FlyingToaster, Jun 21 2013

       Use it in a aquaponic type of system, with a "constructed wetland". See link.   

       The plants growing in the gravel, will be flowers and trees all around the pool.   

       The gravel - or actually the bio-system growing in the gravel, will clean the water at a low cost.   

       You could also make a set of pools that fills and decays and cover it with a few inches of sand. This would be a giant sandbox, that every 20 minutes has water coming up to the height of a puddle. Could be great fun, and will always stay healthful because of constant aeration.   

       Once in 50 years you would have to change the gravel, - send it to the sewage system, which has the means to recycle the water and take care of the minerals in an eco-friendly well thought out way.
pashute, Jun 21 2013

       I love the idea of pool with purging pond.   

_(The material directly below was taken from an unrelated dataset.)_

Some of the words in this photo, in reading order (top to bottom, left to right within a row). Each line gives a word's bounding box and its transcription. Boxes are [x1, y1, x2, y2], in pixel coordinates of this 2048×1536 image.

       Toaster I read about alum after your post and it was very interesting. Used to clean water since the days of the Romans, says wikipedia. But I (like the water) am not clear: the the alum flocculate bits of organic stuff in the water or does it actually pull dissolved salts (calcium? magnesium? BORON??) out of solution?   

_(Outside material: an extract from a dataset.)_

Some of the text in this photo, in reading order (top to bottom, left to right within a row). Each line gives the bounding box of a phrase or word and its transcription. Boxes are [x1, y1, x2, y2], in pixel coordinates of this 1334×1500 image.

       In San Diego and elsewhere in So Cal there is some sort of white crystal that comes up from the ground in solution then leaves a residue when it dries. This stuff comes thru concrete and can come up into houses thru the concrete pad most are built on. It does not taste salty and is not that soluble - certainly not as much as salt. It is sort of like the deposits around Mono lake which also do not taste salty. I imagine this stuff must be calcium carbonate but I cannot imagine where it is coming from in San Diego - the geology there is sandstone and shale, not limestone. So where do the mineral salts come from?
bungston, Jun 21 2013

       According to WP, suspended solids don't sink because of their electrostatic charge. Deflocculants like alum stick to the particles and neutralize the charge, allowing them to drop.
FlyingToaster, Jun 21 2013

       So for poopicules and malicious microbes: alum. But how does alum address dissolved salts?
bungston, Jun 21 2013

       [Bungston] I'm guessing either you're sitting on shale with a high content of calcite, or it's coming in as ground water from the Santa Ana mountains, which do have some limestone.
MechE, Jun 21 2013

       [bungston] alum doesn't address DS's, nor microbes. It just sounded like [pb]'s problem was turbidity.